In her review, Penny Starr consciously chose to highlight some of the more provocative and salacious images from the exhibit, suggesting (not so subtly) that this exhibit has no business being shown in our “federally funded National Portrait Gallery” during the Christmas season. To Starr I say, “bah humbug.” Starr is clearly no art critic, as evidenced by the fact that she fails to provide any historical or cultural context whatsoever when reviewing these works and their particular place within contemporary art. The best comparison I can come up with is that of an art reviewer critiquing Picasso’s Guernica and deciding not to mention Francisco Franco or the Spanish Civil War. It’s just bad journalism and serves no other purpose but to shock one into believing that this “federally funded exhibit” as she so cynically refers to it, is nothing more than crass, gay porn. Fortunately, if you are anything like me, looking at “ants crawling over the image of Jesus on a crucifix” or “… a man’s genitals, a bowl of blood, and mummified humans” sounds pretty intriguing and not an entirely bad way to spend a Sunday afternoon.
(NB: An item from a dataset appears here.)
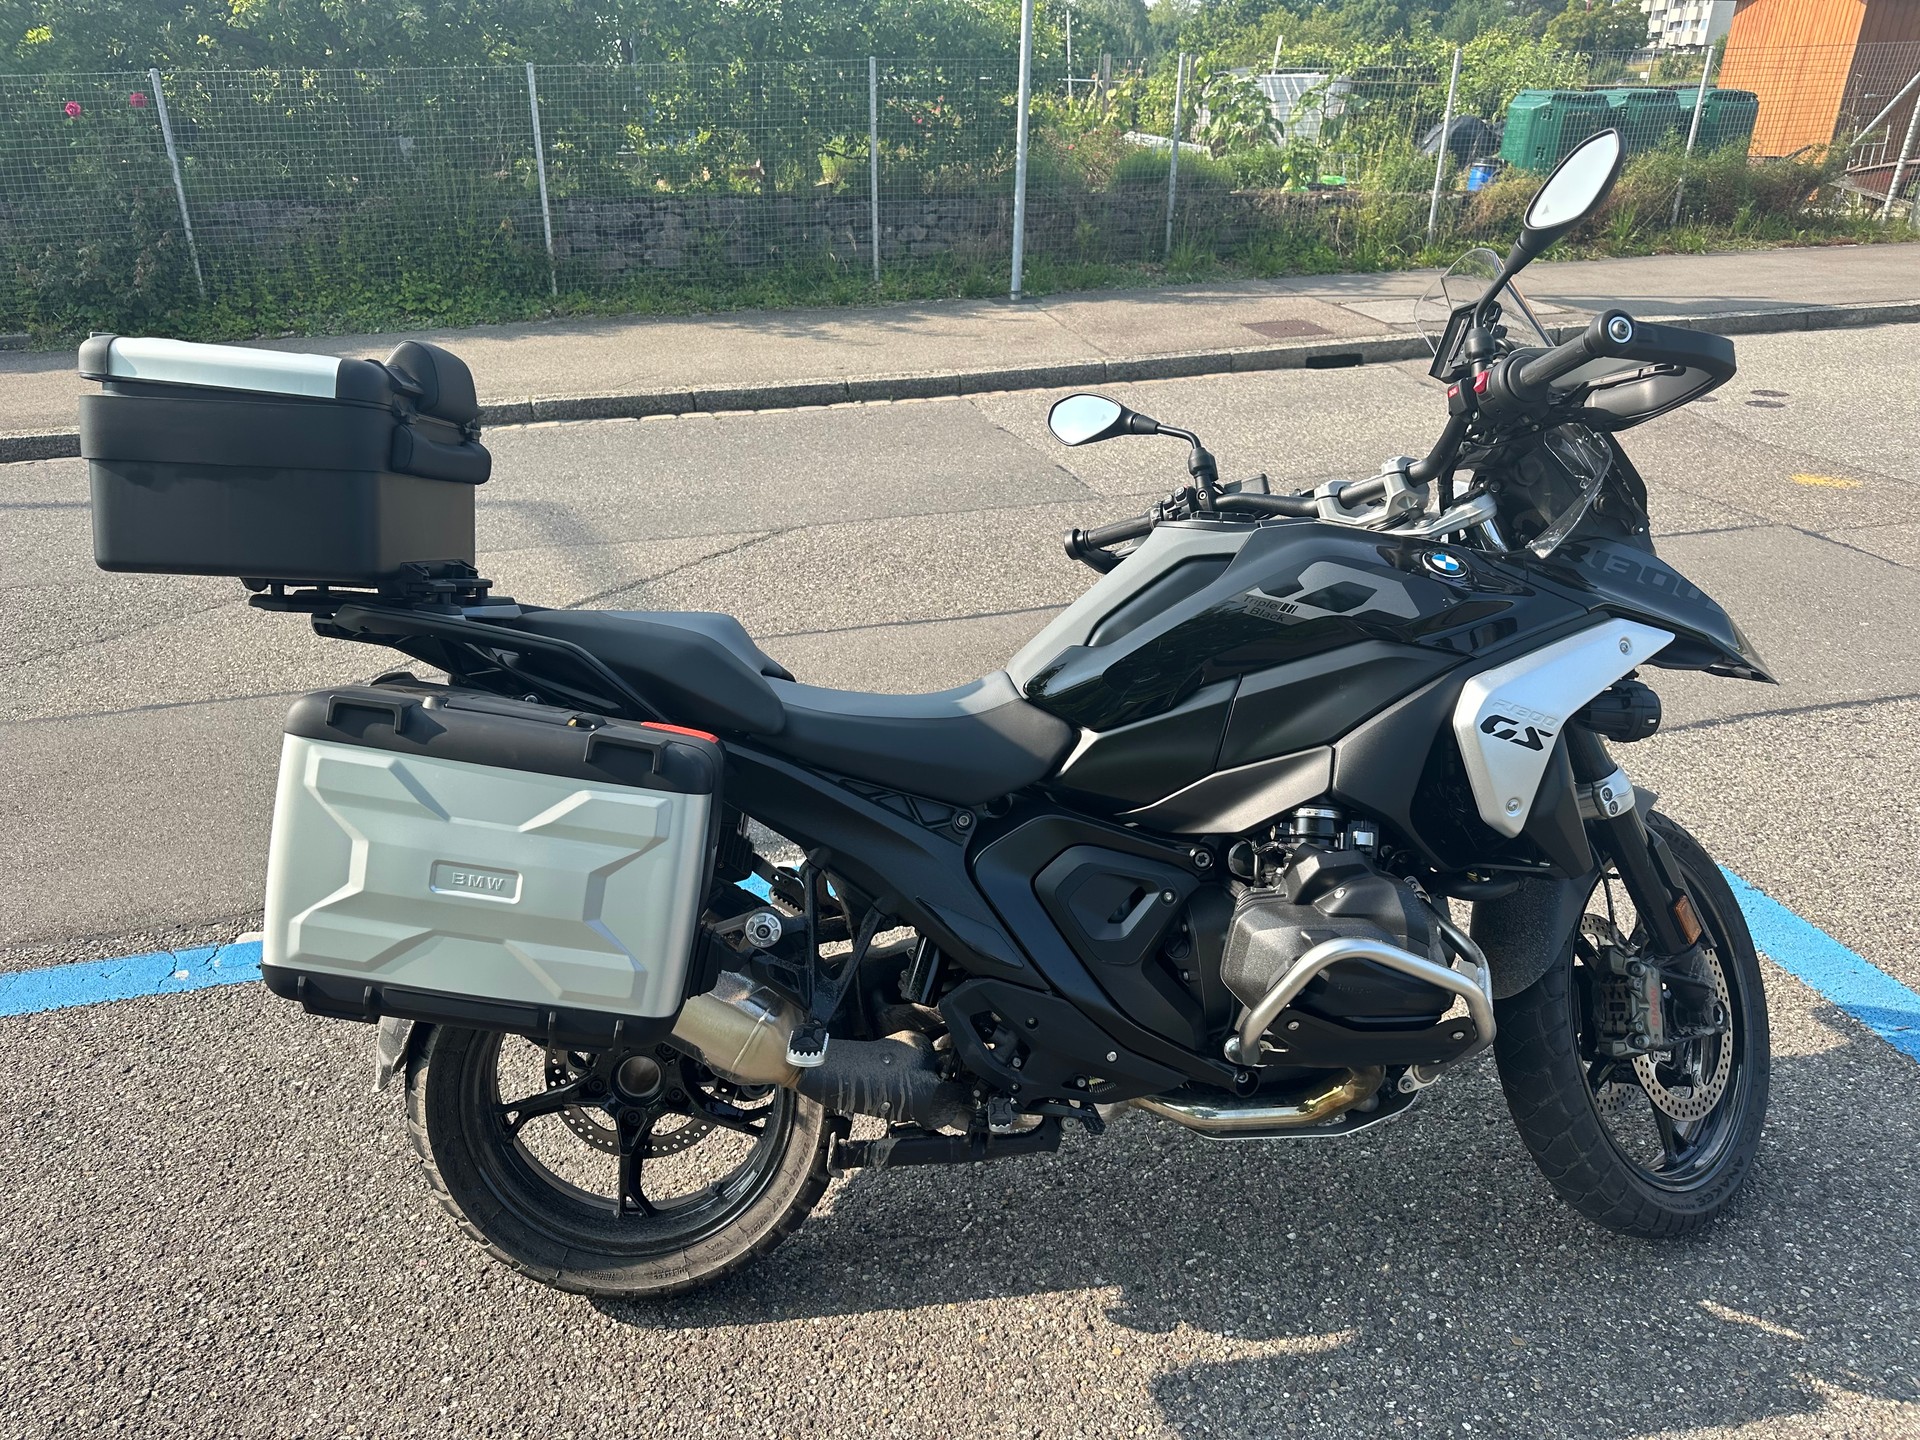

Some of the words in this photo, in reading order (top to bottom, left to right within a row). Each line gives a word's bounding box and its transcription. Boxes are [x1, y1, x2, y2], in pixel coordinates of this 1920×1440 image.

It’s hard to read Starr’s review and not experience a certain sense of deja vu. It was a little over two decades ago that similar fear tactics were cast by social conservatives at the late Robert Mapplethorpe. In 1989, the Corcoran Gallery of Art shamefully retracted an invitation to show Mapplethorpe’s work in an attempt to placate those social conservatives who screamed bloody murder at the “homoerotic” and “sexually lewd” themes explored in Mapplethorpe’s art. As it turned out, the exhibit went on to be shown at the Washington Project for the Arts and enjoyed international recognition due to the controversy. My hope would be that the current controversy surrounding this exhibit will lead to a similar discussion about the place of art within public discourse.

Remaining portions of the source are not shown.